Thursday, July 12, 2012

King Candaules

Sham S. Misri

The story is based on the work from- The Histories of Herodotus, who is called the father of history.
Candaules, King of Lydia, modern Turkey, was a dishonest and a despot king. He had, a very beautiful and modest wife, whose name was Nyssia. King Candaules was very proud of the beauty of his queen, and boasted of his wife’s charming beauty to his favourite bodyguard, who was a slave, a personal favourite and boon companion of the king.
  Once, when the king was boasting of his wife's charms to the bodyguard, he said that the beauty of the queen, her form and figure, when unrobed, was even more wonderful than that of her features. The king growing more and more excited, and being under influence of wine, declared that the bodyguard should see for himself. The king would conceal the bodyguard, in the queen's bed-chamber, while she would be undressing for the night.
 “It appears you don’t believe me when I tell you how lovely and beautiful my wife is,” said King Candaules. “A man always believes his eyes better than his ears; so, do as I tell you make a scheme to see her naked.”
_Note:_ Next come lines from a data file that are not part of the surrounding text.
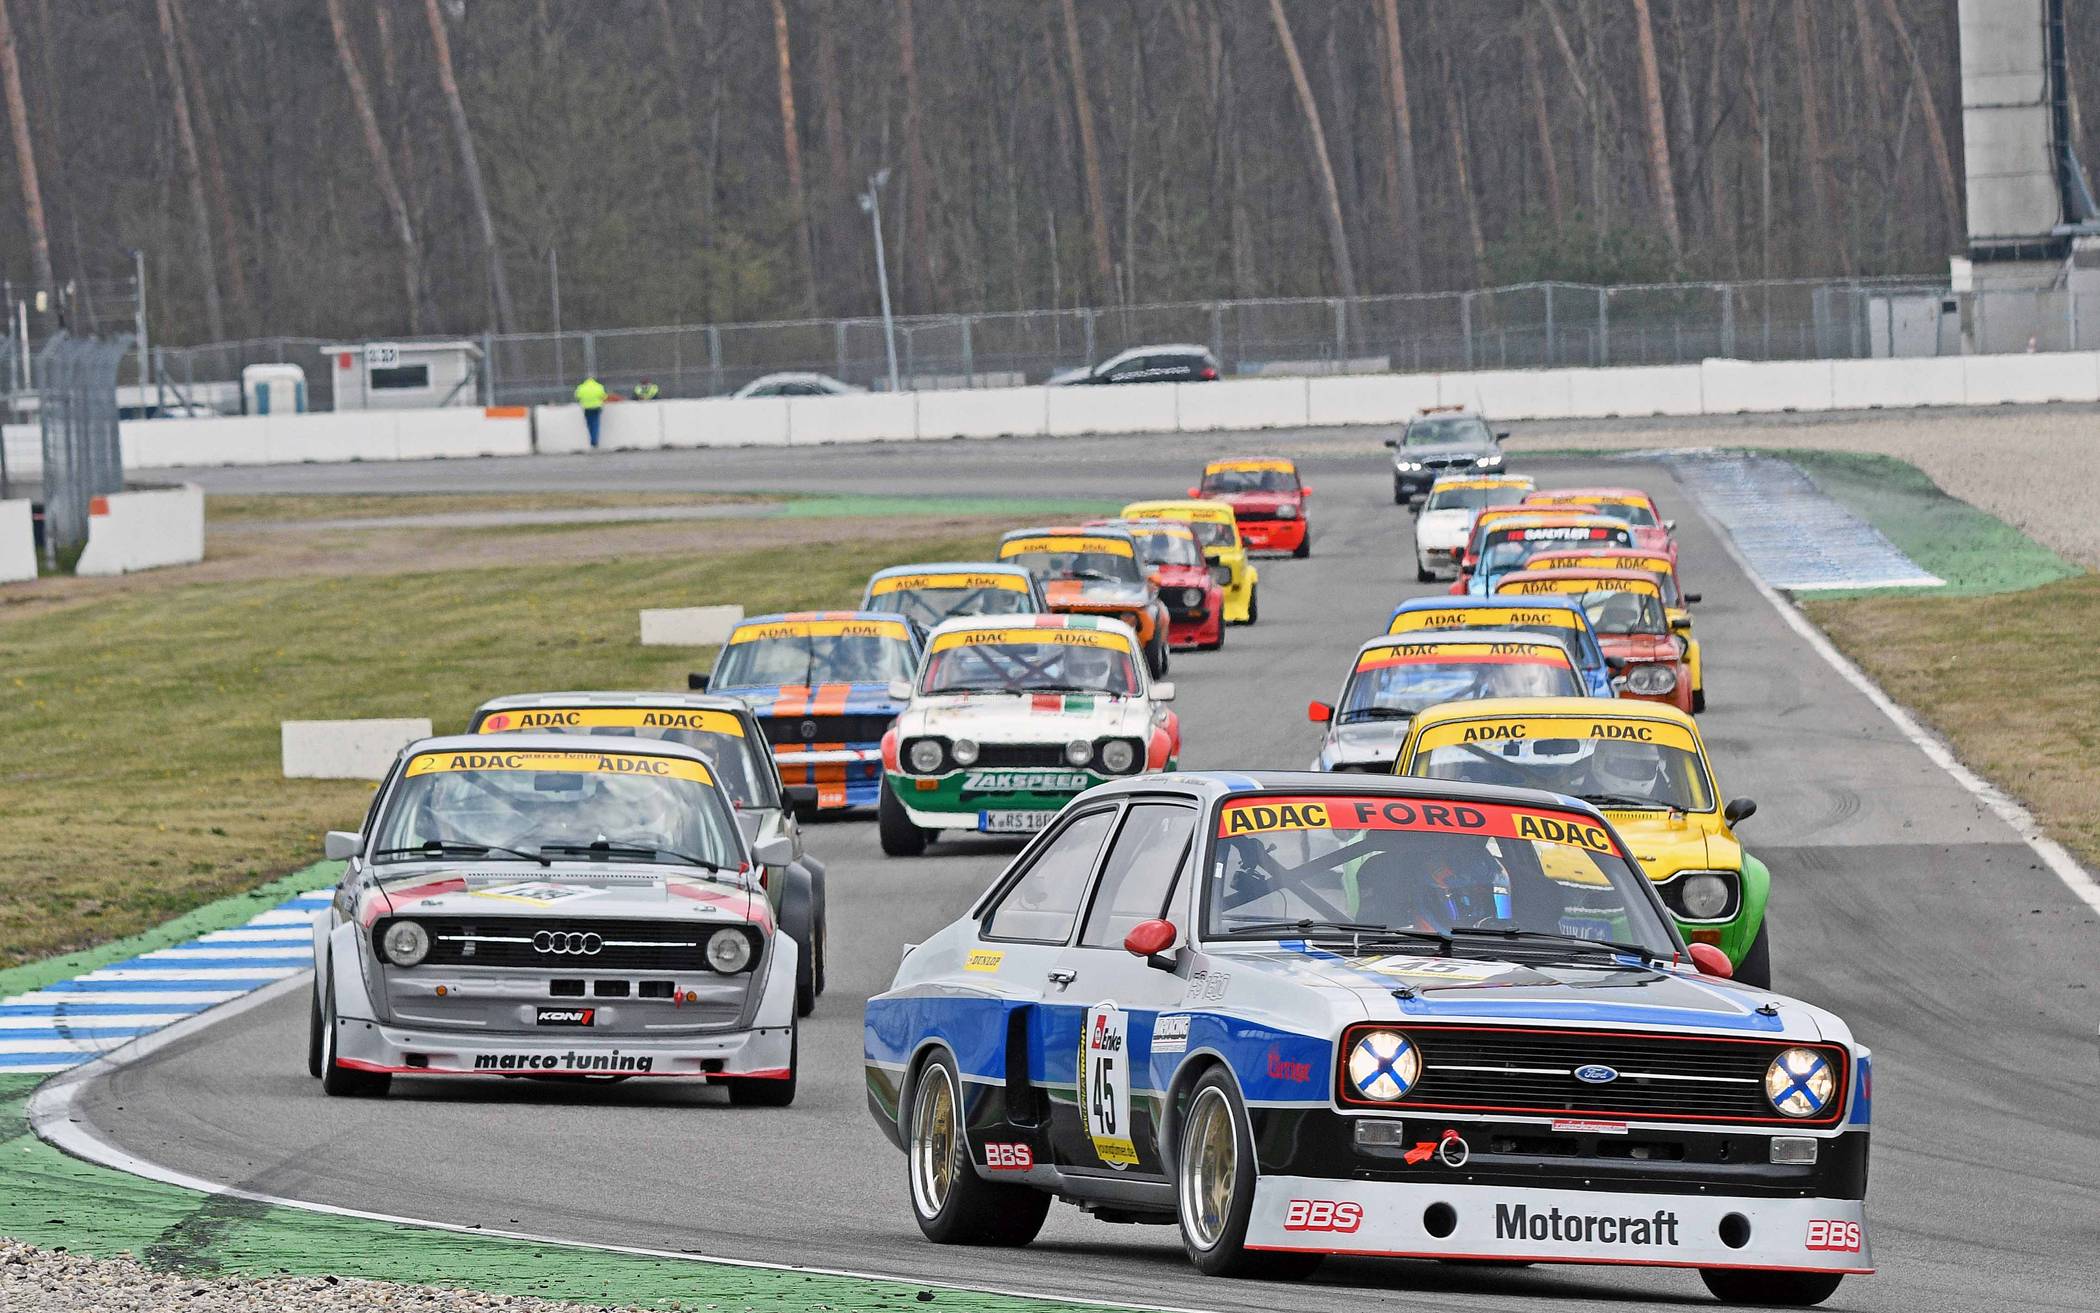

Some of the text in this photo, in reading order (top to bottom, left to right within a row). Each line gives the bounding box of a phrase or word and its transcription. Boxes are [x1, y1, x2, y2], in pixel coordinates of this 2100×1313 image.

[1615, 558, 1649, 569] ADAC
[1521, 580, 1632, 595] ADAC ADAC
[1424, 613, 1552, 626] ADAC ADAC
[758, 625, 880, 638] ADAC ADAC
[963, 633, 1099, 646] ADAC ADAC
[1390, 644, 1539, 658] ADAC ADAC
[520, 712, 580, 727] ADAC
[642, 713, 704, 728] ADAC
[1463, 724, 1653, 742] ADAC ADAC
[421, 755, 523, 771] 2 ADAC
[597, 757, 670, 775] ADAC
[961, 772, 1089, 791] ZAKSPEED
[988, 812, 996, 828] K
[1229, 802, 1610, 851] ADAC FORD ADAC
[1387, 961, 1461, 973] 45
[1101, 1026, 1122, 1052] Enke
[474, 1050, 653, 1072] marco tuning
[1584, 1067, 1609, 1079] Ford
[1093, 1056, 1116, 1135] 45
[984, 1143, 1031, 1167] BBS
[1284, 1200, 1361, 1232] BBS
[1495, 1202, 1679, 1246] Motorcraft
[1804, 1219, 1861, 1252] BBS
The body guard refused; he did not want to dishonor the Queen by seeing her nude body. “It would be doing the innocent queen a great wrong”, said the body guard, He assured the king, too, that he believed fully all that he said about queen's beauty. The body guard  begged him not to insist upon a proposal with which it would be criminal to comply. King Candaules insisted upon showing his body guard his wife when unrobed.  However, when the body guard had no choice but to obey. Candaules made a plan by which bodyguard would hide behind a door in the royal bedroom to observe the Queen disrobing before bed. Body guard would then leave the room while the Queen’s back was turned.  That night, the plan was executed. However, the Queen saw the body guard as he left the room, and recognized immediately that she had been betrayed and shamed by her own husband. She silently swore to have her revenge, and began to arrange her own plan.
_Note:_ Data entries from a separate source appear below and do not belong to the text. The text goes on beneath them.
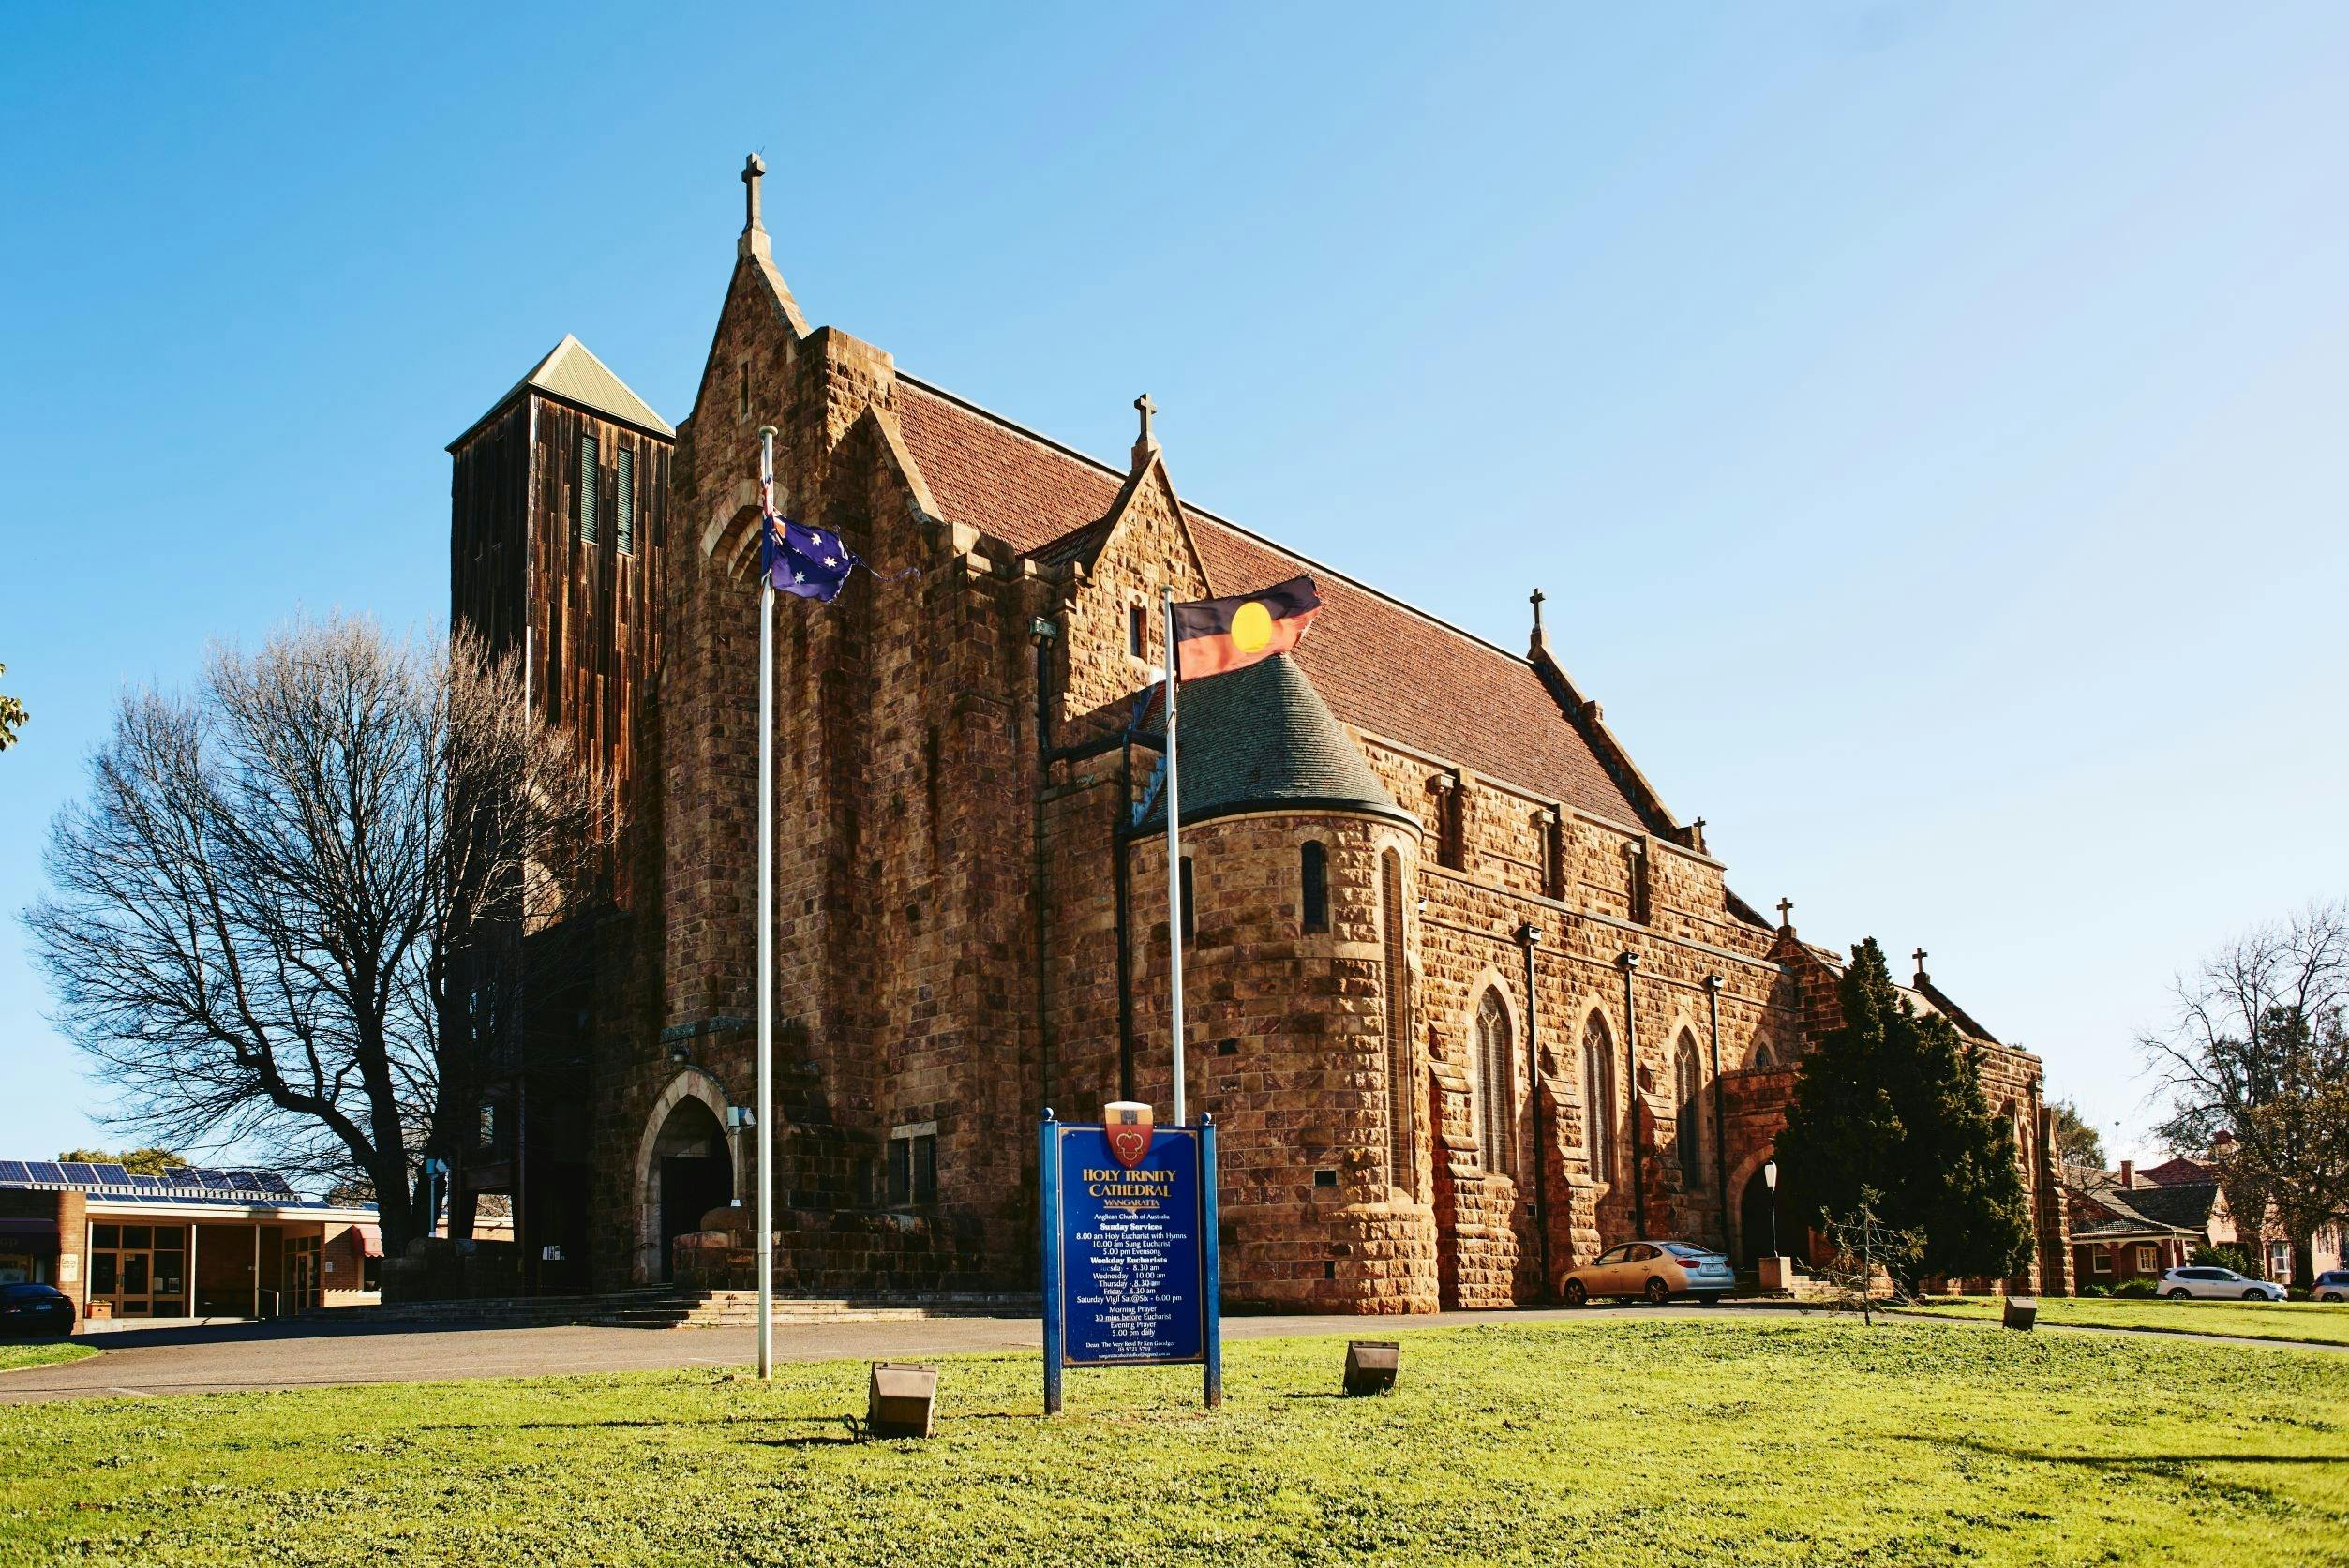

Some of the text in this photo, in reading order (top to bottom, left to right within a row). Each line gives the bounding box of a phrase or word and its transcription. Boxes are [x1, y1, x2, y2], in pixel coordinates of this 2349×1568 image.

[1083, 1169, 1176, 1182] HOLY TRINITY
[1089, 1184, 1172, 1197] CATHEDRAL
[1094, 1213, 1118, 1221] Anglican
[1100, 1223, 1129, 1232] Sunday
[1104, 1232, 1120, 1241] Holy
[1165, 1232, 1187, 1241] Hymns
[1125, 1240, 1141, 1248] Sung
[1131, 1247, 1162, 1256] Evensong
[1090, 1257, 1125, 1265] Weekday
[1092, 1273, 1129, 1281] Wednesday
[1099, 1280, 1128, 1289] Thursday
[1076, 1295, 1104, 1305] Saturday
[1106, 1294, 1120, 1305] Vigil
[1121, 1294, 1149, 1304] Sat@Six
[1109, 1306, 1158, 1314] Morning Prayer
[1110, 1322, 1157, 1330] Evening Prayer
[1140, 1329, 1156, 1337] daily
The next day, the Queen summoned bodyguard to her chamber.The body guard thought that it was a routine request. He went politely to her chamber. When the Queen saw him enter her room, she was furious. She confronted him immediately with her knowledge of his misdeed and her husband’s.
 “One of you must die,” she declared. “Either my husband, the author of this wicked plot; or you, who dared seeing me naked.”  The bodyguard pleaded with the Queen not to force him to make this choice. She was harsh and persistent. He finally chose to betray and deceive the King so that he should live.
The Queen prepared the bodyguard to kill King Candaules, her own husband by the same manner in which she was shamed. The bodyguard hid behind the door of the bedroom chamber with a knife provided by the Queen, and killed him in his sleep. The bodyguard Gyges married the Queen and became King, and father to the Memnad Dynasty.